SBOM でも SWHID を見かけます。SPDX 3.0.1 では、コンポーネントのハッシュ値を保持する Software.ContentIdentifier と、外部データベースへの参照に使える識別子を保持する Core.ExternalIdentifier で SWHID を使用できます。ハッシュ値と識別子と両方の役割で使用することができます。Cyclone DX 1.6 では Component が swhid 属性を持ち、SWHID を保持できます(Software Heritage Persistent Identifier として)。
SWHID の特徴
構造
SWHID は次のような:区切りの構造の文字列です。
swh:1:cnt:ae0d1ddc246fb6bcc3c263fd53f6276e0210dabd
細かい文法については、仕様を参照してもらうとして、簡単に説明すると、先頭の swh は SWHID を指すための固定文字列です。次の 1 はバージョンで、cnt はこの SWHID が指すオブジェクトの種類を特定するもので、詳細は後述します。最後はハッシュベースの識別子です。
さらに、この後ろに、; 区切りで行やバイト数での範囲や、オブジェクトを見つけることができる URL といった情報を修飾子としてつけることもできます。
オブジェクトの種類
cnt の部分にあるオブジェクトの種類には、次の5種類が定義されています。
-
cnt: ファイルのコンテンツ -
dir: ディレクトリ -
rev: リビジョン -
rel: リリース -
snp: スナップショット
cnt: ファイルのコンテンツ(バイト列)
ファイルをコンテンツベースで特定する識別子です。同じファイルがコピーされて他のリポジトリに保存されているような場合でも、これら2つのファイルは同一の識別子を持ちます。バージョンが変わっても、ファイルの中身が変わらなかった場合も同一の識別子となります。そのため、ファイルの内容ベースで、ファイルに対して何かをデータベースで保持したい場合のキーとして使えます。例えば、ファイルのライセンスを調査した結果を保存する場合などがあります。

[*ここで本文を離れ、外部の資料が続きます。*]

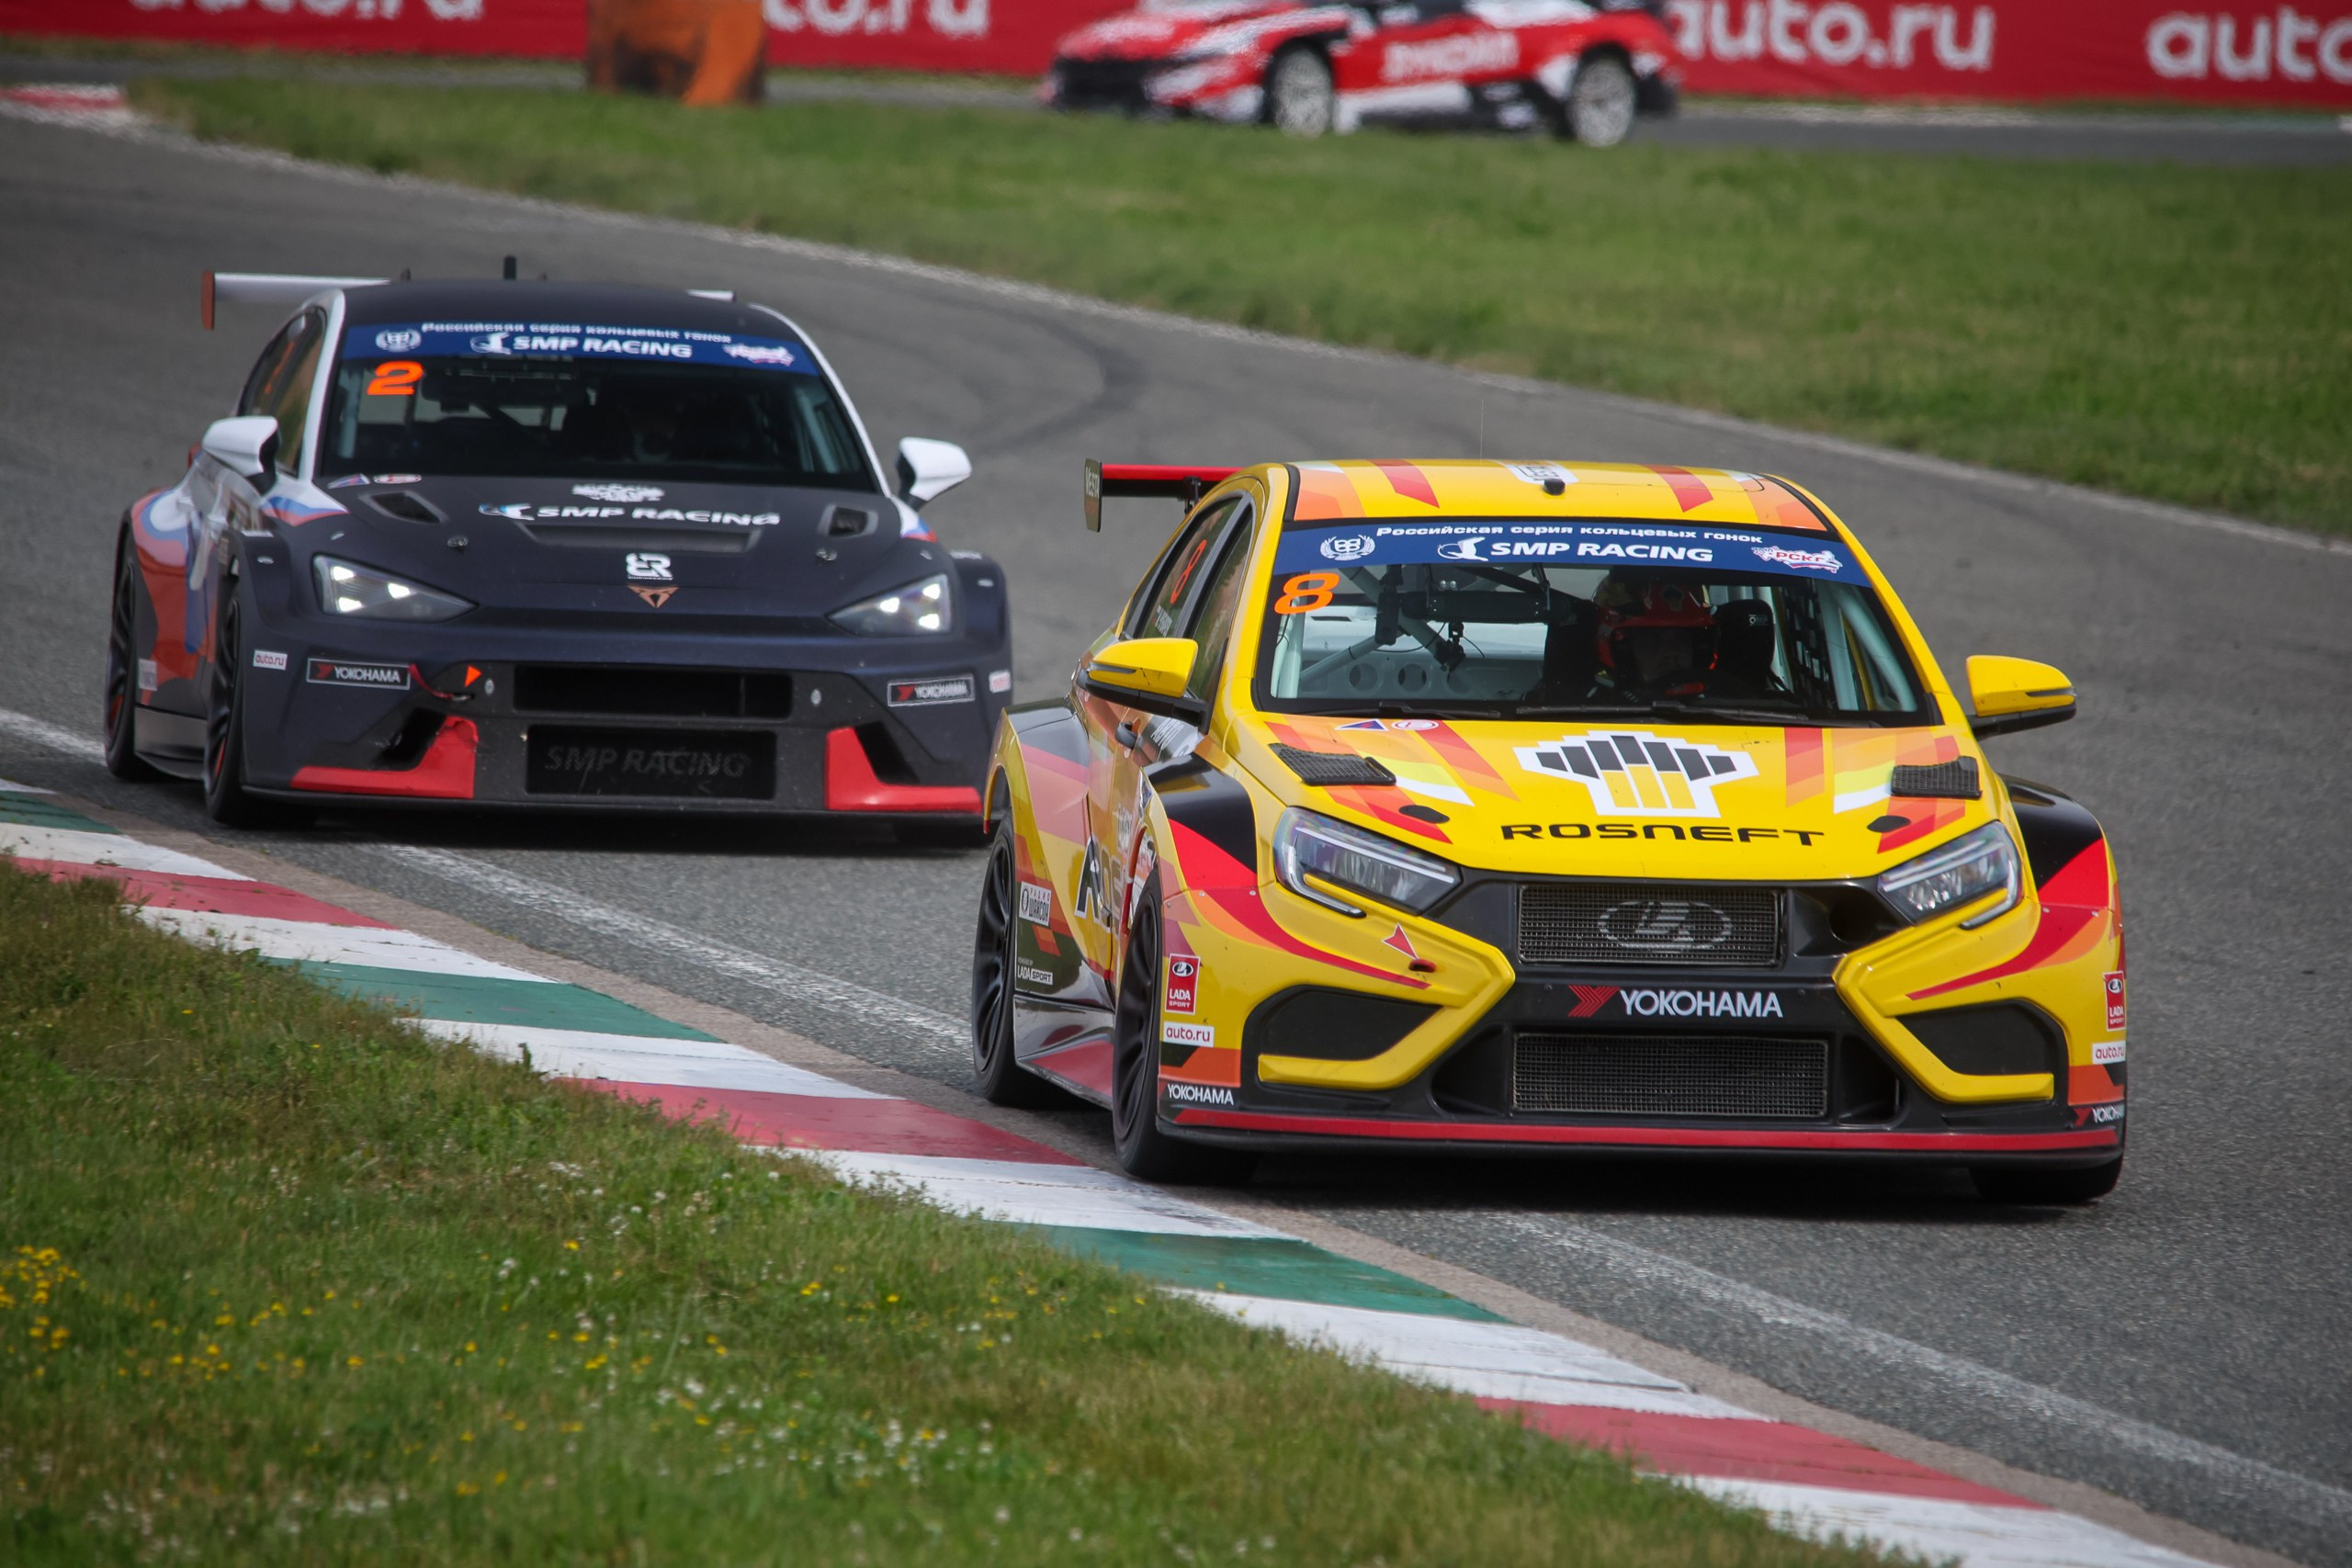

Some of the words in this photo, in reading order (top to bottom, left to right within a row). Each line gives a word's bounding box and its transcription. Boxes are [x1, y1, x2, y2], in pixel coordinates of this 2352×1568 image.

[513, 335, 580, 352] SMP
[582, 337, 694, 358] RACING
[368, 360, 424, 395] 2
[537, 506, 626, 518] SMP
[631, 507, 781, 527] RACING
[1375, 525, 1504, 537] Российская
[1510, 525, 1574, 536] серия
[1579, 526, 1698, 539] кольцевых
[1703, 531, 1764, 544] гонок
[1489, 541, 1570, 557] SMP
[1576, 542, 1714, 563] RACING
[1273, 572, 1340, 615] 8
[254, 653, 285, 666] auto.ru
[334, 664, 401, 682] YOKOHAMA
[545, 746, 617, 772] SMP
[622, 748, 752, 777] RACING
[1501, 823, 1825, 847] ROSNEFT
[1017, 965, 1031, 980] LADA
[1032, 971, 1052, 983] SPORT
[1169, 988, 1192, 1001] LADA
[1169, 1000, 1191, 1009] SPORT
[1620, 989, 1783, 1018] YOKOHAMA
[1166, 1027, 1211, 1043] auto.ru
[1167, 1083, 1234, 1106] YOKOHAMA

ハッシュ値部分は、次のようなバイト列を連結したものに対して計算した、SHA1 チェックサムです。
- "blob" を ASCII でエンコードしたバイト列
- ASCII のスペース
- コンテンツの長さを ASCII でエンコードされた10進数数字
- NULL 文字
- ファイルの実際のコンテンツ
実は、Git において、ファイルを blob オブジェクトとして管理する際に使用する識別子の計算方法と同じです。
SWHID の周辺ツール
swh コマンドを使用して SWHID を計算することができます。
% swh identify data_loader.cc
swh:1:cnt:ae0d1ddc246fb6bcc3c263fd53f6276e0210dabd data_loader.cc
この data_loader.cc はどこの誰のコードでしょうか?答えはここに書いていませんが、Software Heritage のデータベースから検索することで、簡単にファイルの中身を見ることができます。
以下の URL にアクセスして、検索ボックスに上記の SWHID を入力してみてください。
https://archive.softwareheritage.org/api/
まとめ
ハッシュベースの識別子、SWHID を紹介しました。ファイルをコンテンツベースでライセンス情報などと紐づけて管理するときに、ID として使用したり、ファイルは保存したくないけど、中身は参照できるようにしたい場合など活用の場はいろいろありそうです。